Sadly, his career ended in a whimper and, in his final years, his body prevented him from maintaining the exceptional standards he'd set over an incredible career.

Recency bias means that people remember a broken Bale rather than the one who gave Cristiano Ronaldo and Lionel Messi a run for their money to be the best player on the planet.

This is a man whose transfer broke the world-record, and he went on to give value for money.

The Tottenham hat-trick against Inter Milan announced him to the world. His sensational winner in the 2014 Copa del Rey final against eternal rivals Barcelona should have been enough to write him into Real Madrid folklore. The overhead kick in the 2018 Champions League final is the best goal ever scored in a European final.

Wales has never seen or will see again a sportsman who will rise to such a high standard. When he made his debut as a 16-year-old, the country was a footballing mess. By the time he'd reached the end of his career, they were one of the most feared underdogs in world football.
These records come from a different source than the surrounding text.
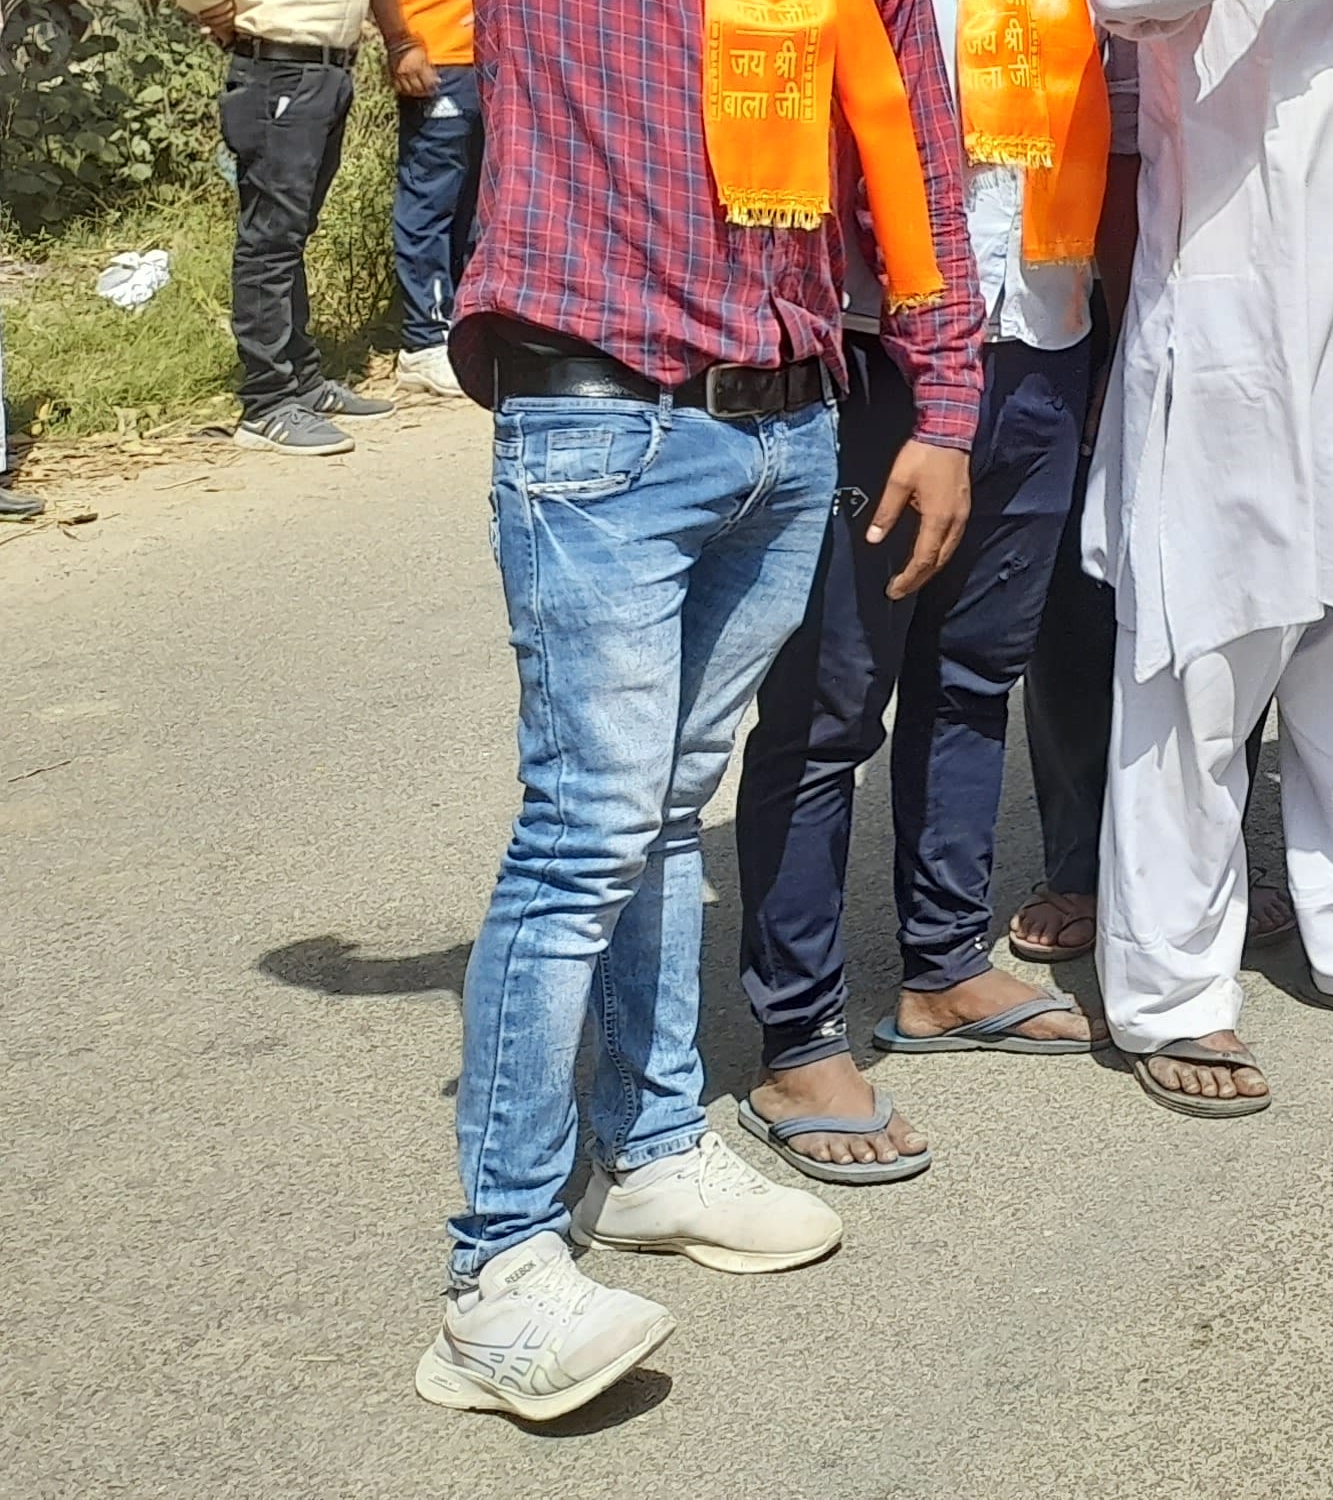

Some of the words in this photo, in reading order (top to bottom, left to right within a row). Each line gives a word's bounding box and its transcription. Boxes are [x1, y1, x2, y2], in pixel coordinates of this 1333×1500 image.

[967, 31, 998, 55] जय
[1004, 18, 1023, 52] श्री
[729, 49, 767, 77] जय
[774, 40, 798, 80] श्री
[1008, 54, 1030, 88] जी
[722, 90, 769, 120] बाला
[775, 81, 801, 120] जी
He led them to the semi-finals of the Euros in 2016. He scored seven goals in the qualifying stages, three at the tournament as well as setting up several for teammates. The man was a national hero and will be so forever.

So, it's odd that he was close to becoming an anti-hero back in Madrid. This is a man who shared the spoils in five Champions League successes and scored in all the major finals.

The first whiff of an issue is when some at the Bernabeu booed him in 2015 for choosing to try to score for himself than pass to Cristiano Ronaldo. A couple of years later, he wasn't too keen to be moved to China when Real wanted to offload him from the payroll.

The fans - and the Spanish media - didn't take too kindly when he posed with a flag that read 'Wales. Golf. Madrid. And in that order.'

There was no comeback from that. The body that engineered speeds other footballers could only dream of reaching was beginning to fail him. In his short loan return to Spurs, he looked a shadow of his former self. He needed to reach a deal with Los Angeles FC to tick over long enough to be ready to perform at the World Cup finals. Even then, he scored another cup-winning goal.

Thirty-three is young to call it a day, especially with Karim Benzema. Luka Modrić, and Lionel Messi still performing at the highest level at a more advanced age.

They are all fortunate that their bodies have allowed them to defy science. Bale is similar to Michael Owen - he's so finely tuned that once the calibration had gone, there was no way to reach the standards he'd set.

Ultimately, it proved to be human frailty that curtailed his career. Ironically, he'd reached levels that very few other humans could dream of.

He deserves to spend time with his family, release himself from the football bubble he's lived in since his schoolboy days, count his medals, and when he's got some spare time, work on his golf handicap of two!